Brasil avalia que tarifaço dos EUA foi politizado mirando eleições
Por Agência Brasil
Publicado em 26/06/2026 19:34:03Ambos os governos seguem negociando um possível acordo comercial. O Brasil busca convencer os EUA de que um acordo seria mais vantajoso para os países do que as tarifas extras de 25% sobre parte dos produtos brasileiros.
O tarifaço foi uma recomendação do Escritório do Representante Comercial dos EUA (USTR).
Na última quarta-feira (24) o perfil do Itamaraty no X publicou a posição do governo brasileiro em relação ao tarifaço estadunidense, afirmando que a medida “tem sua origem em uma tentativa de interferência externa na justiça brasileira”. Na publicação, o Ministério das Relações Exteriores informou ainda que o Brasil segue atuando por meio dos canais oficiais de interlocução entre os governos para demonstrar que as políticas brasileiras não prejudicam o comércio com os Estados Unidos.
O prazo para definir a aplicação, ou não, das tarifas, é o dia 15 de julho. O governo brasileiro tem uma agenda de reuniões até lá com os representantes da Casa Branca e acredita que é possível, apesar de difícil, conseguir um acordo com os estadunidenses.
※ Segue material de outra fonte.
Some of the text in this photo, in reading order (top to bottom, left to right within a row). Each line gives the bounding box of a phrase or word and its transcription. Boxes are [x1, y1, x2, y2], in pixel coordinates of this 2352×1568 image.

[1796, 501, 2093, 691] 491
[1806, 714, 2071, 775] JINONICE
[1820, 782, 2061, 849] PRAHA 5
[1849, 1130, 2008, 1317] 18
Ao mesmo tempo, existe a percepção de que o governo Trump deve evitar um acordo que possa favorecer o governo brasileiro diante a proximidade das eleições presidenciais no Brasil. Nesse contexto, essa não seria uma negociação estritamente comercial, até porque os EUA tem superávit com o Brasil, mas sim uma negociação inserida na nova política de segurança nacional de Donald Trump de buscar a reinserção dos EUA no mundo sobre novas bases.
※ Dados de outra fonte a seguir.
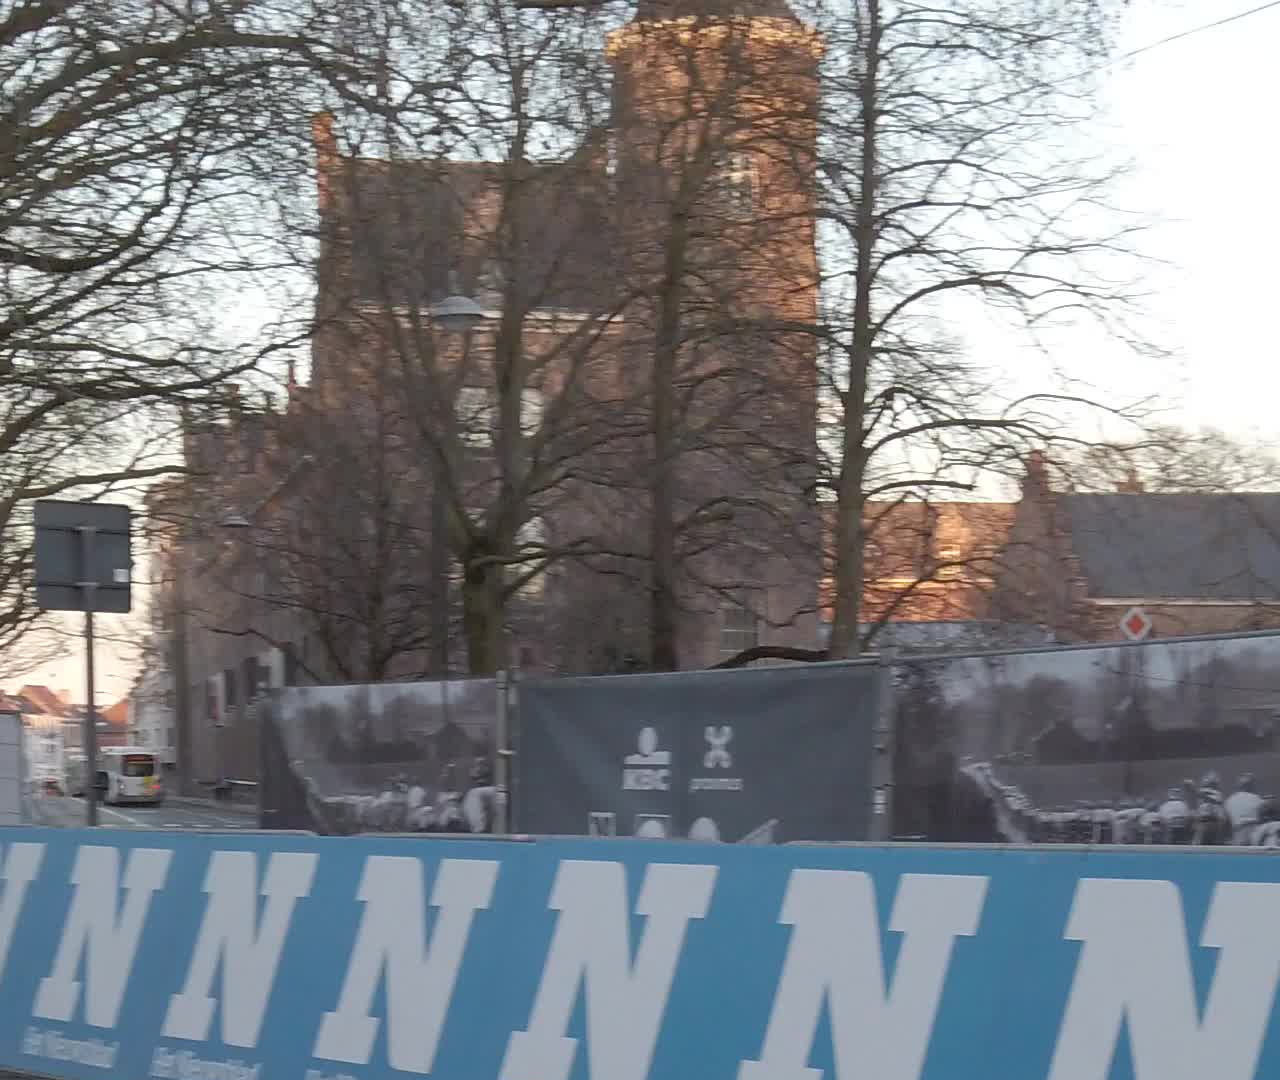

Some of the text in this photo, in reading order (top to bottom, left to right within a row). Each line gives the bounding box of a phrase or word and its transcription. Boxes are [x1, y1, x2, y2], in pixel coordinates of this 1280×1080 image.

[32, 845, 174, 1028] N
[160, 851, 318, 1048] N
[313, 856, 500, 1073] N
A nova política de segurança nacional de Trump, publicada em dezembro de 2025, afirma que os EUA devem buscar a “proeminência” na América Latina enquanto área de influência de Washington, afastando atores de fora do Hemisfério da região, em um recado à China.
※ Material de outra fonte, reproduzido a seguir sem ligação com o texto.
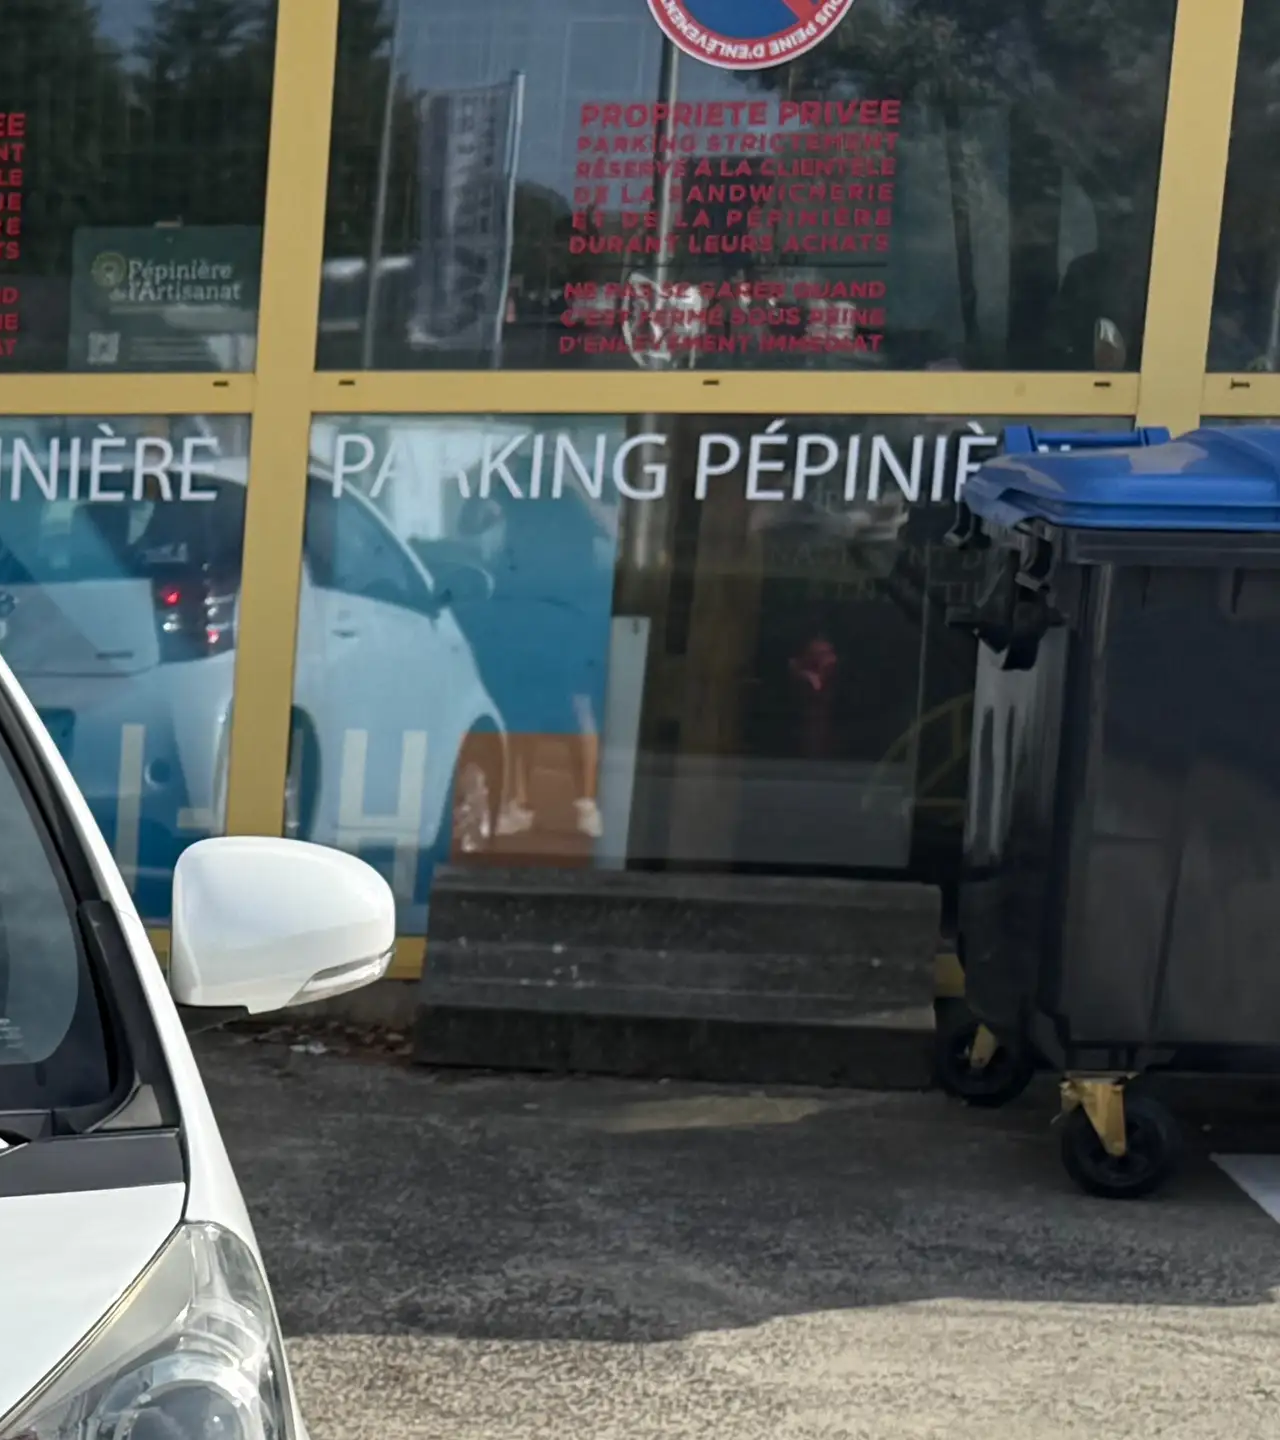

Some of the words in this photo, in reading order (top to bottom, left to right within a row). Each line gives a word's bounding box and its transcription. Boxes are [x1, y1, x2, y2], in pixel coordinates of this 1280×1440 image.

[768, 21, 817, 57] PEINE
[580, 104, 767, 128] PROPRIETE
[778, 100, 901, 125] PRIVEE
[577, 135, 696, 153] PARKING
[706, 132, 899, 152] STRICTEMENT
[576, 156, 686, 178] RÉSERVÉ
[694, 156, 712, 177] À
[720, 159, 751, 177] LA
[759, 155, 896, 176] CLIENTÈLE
[574, 185, 612, 204] DE
[621, 185, 654, 203] LA
[669, 183, 894, 202] SANDWICHERIE
[571, 211, 605, 230] ET
[622, 211, 658, 229] DE
[676, 210, 710, 228] LA
[726, 205, 892, 227] PÉPINIÈRE
[569, 236, 680, 254] DURANT
[691, 235, 773, 253] LEURS
[783, 234, 889, 252] ACHATS
[128, 258, 233, 284] Pépinière
[564, 283, 597, 299] NE
[604, 283, 649, 299] PAS
[661, 283, 693, 299] SE
[702, 282, 786, 298] GARER
[794, 281, 886, 298] QUAND
[560, 308, 630, 327] C'EST
[642, 305, 724, 326] FERMÉ
[730, 307, 801, 325] SOUS
[808, 308, 885, 325] PEINE
[559, 335, 752, 354] D'ENLEVEMENT
[759, 334, 884, 353] IMMEDIAT
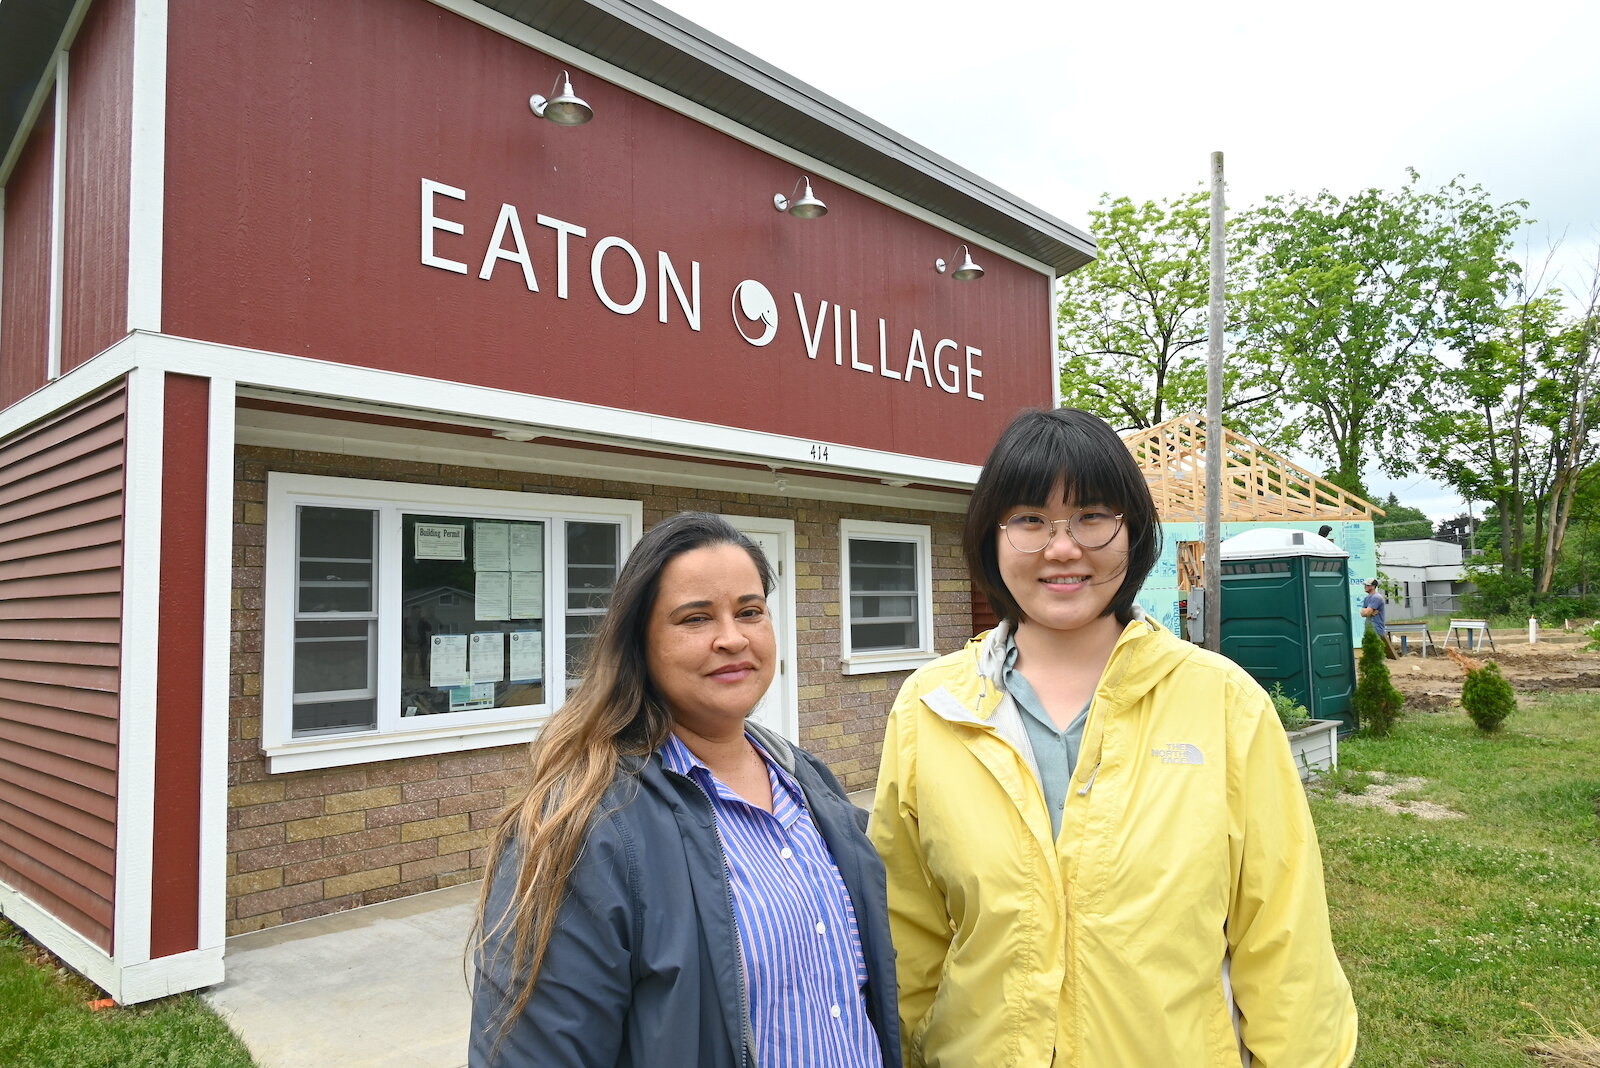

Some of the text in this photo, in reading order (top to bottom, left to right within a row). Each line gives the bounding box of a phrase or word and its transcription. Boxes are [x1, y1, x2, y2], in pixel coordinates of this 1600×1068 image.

[420, 177, 985, 402] EATON VILLAGE
[810, 444, 829, 462] 414
[419, 528, 461, 539] Building Permit
[1151, 749, 1188, 757] NORTH
Nesta semana, Donald Trump compartilhou artigo que afirma que a eleição no Brasil é um dos “grandes testes” dos EUA na América Latina. O texto repercutido por Trump defende que a saída do “esquerdista” Luiz Inácio Lula da Silva favoreceria os interesses da Casa Branca.
Entenda
A recomendação da USTR para taxar o Brasil é resultado de uma investigação baseada na Seção 301 da Lei de Comércio dos EUA. O argumento usado é que o Brasil teria práticas “desleais” nas relações comerciais, o que incluiu ataques contra o Pix para favorecer empresas de pagamento estadunidenses.
O Brasil rebateu que os argumentos não são legítimos e que a decisão parte de uma tentativa de ingerência em assuntos internos, além de expressar o protecionismo comercial unilateral de Washington.
O governo vem questionando as tarifas adicionais dos EUA com o argumento de que a tarifa média aplicada pelo Brasil sobre as importações dos EUA é de 2,7%, o que não justificaria o argumento de que as empresas norte-americanas seriam prejudicadas no acesso ao mercado brasileiro.